A Tale of Two Cases: A Lines in Abdominal POCUS - Reliable Sign or Potential Pitfall in Diagnosing Pneumoperitoneum?
Dr. Himanshu Gul Mirani, Consultant in Emergency Medicine, Midland Metropolitan University Hospital, SWBH NHS Trust, UK
Case Presentation:
Brief History:
Point-of-care ultrasound (POCUS) has emerged as an invaluable tool in emergency medicine. A lines, horizontal reverberation artifacts initially described in lung ultrasound, have been reported as potential indicators of pneumoperitoneum when observed in abdominal examinations.
Details of History:
We present two cases demonstrating the diagnostic utility and potential limitations of abdominal A lines. Case 1 involves a male in his 40s with alcoholism presenting with abdominal pain and jaundice. Case 2 features a 70-year-old male with acute abdominal distension, vomiting, and a history of infraumbilical laparotomy.
Examination:
Case 1 demonstrated peritonitis on physical examination with evidence of jaundice.

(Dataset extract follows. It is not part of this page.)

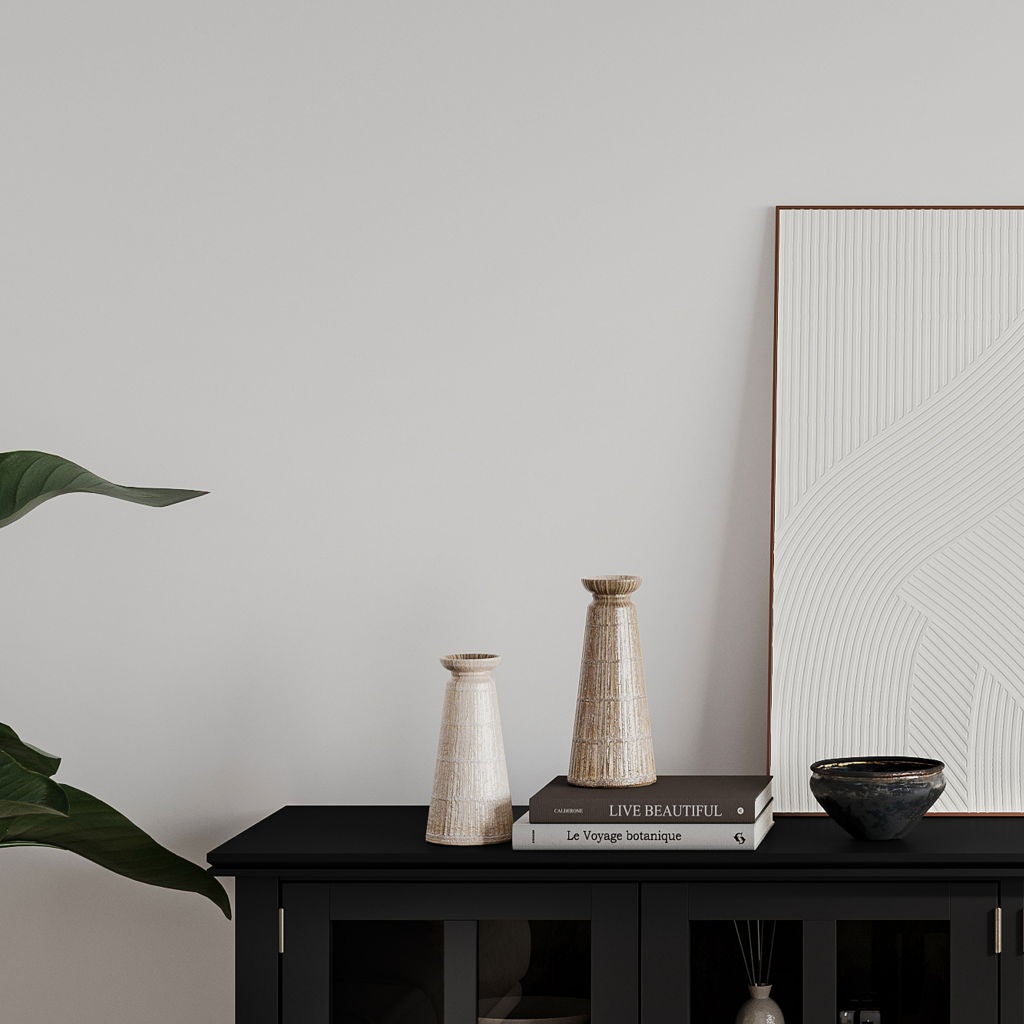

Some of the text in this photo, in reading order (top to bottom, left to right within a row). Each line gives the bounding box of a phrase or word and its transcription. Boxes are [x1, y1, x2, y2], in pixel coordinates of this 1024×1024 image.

[609, 805, 722, 817] LIVE BEAUTIFUL
[567, 829, 682, 844] Le Voyage botanique

Case 2 presented with significant abdominal distension and tympany.
A lines in case of pneumoperitoneum

Management and Outcome:
Investigations:
Both patients exhibited high anion gap metabolic acidosis (HAGMA) on blood gas analysis. POCUS in Case 1 revealed A lines with "dirty" free fluid containing bowel contents and hyperechoic lines in pelvic windows suggesting trapped air. Case 2 also demonstrated diffuse A lines, raising concern for perforation. CT confirmed perforation with pelvic collection and trapped air locules in Case 1, while Case 2 showed toxic megacolon with compressed small bowel displaced posteriorly.
Misleading Elements:
The presence of A lines in Case 2 initially suggested pneumoperitoneum, but ultimately represented a false positive finding caused by significantly distended colon creating similar reverberation artifacts.
Actual Diagnosis:
Case 1: Bowel perforation with peritonitis, confirmed by CT.
Case 2: Toxic megacolon without perforation, despite the presence of A lines.
Key Learnings and Points:
Educational and Clinical Relevance:
These cases highlight both the utility and limitations of A lines in diagnosing pneumoperitoneum. While A lines can indicate free intraperitoneal air, they may also result from severely distended bowel creating similar reverberation artifacts. Clinicians must maintain vigilance regarding potential false positives and correlate POCUS findings with clinical context and additional imaging when appropriate. This case series emphasizes the importance of understanding sonographic pitfalls to prevent diagnostic errors in emergency settings where rapid, accurate assessment is crucial.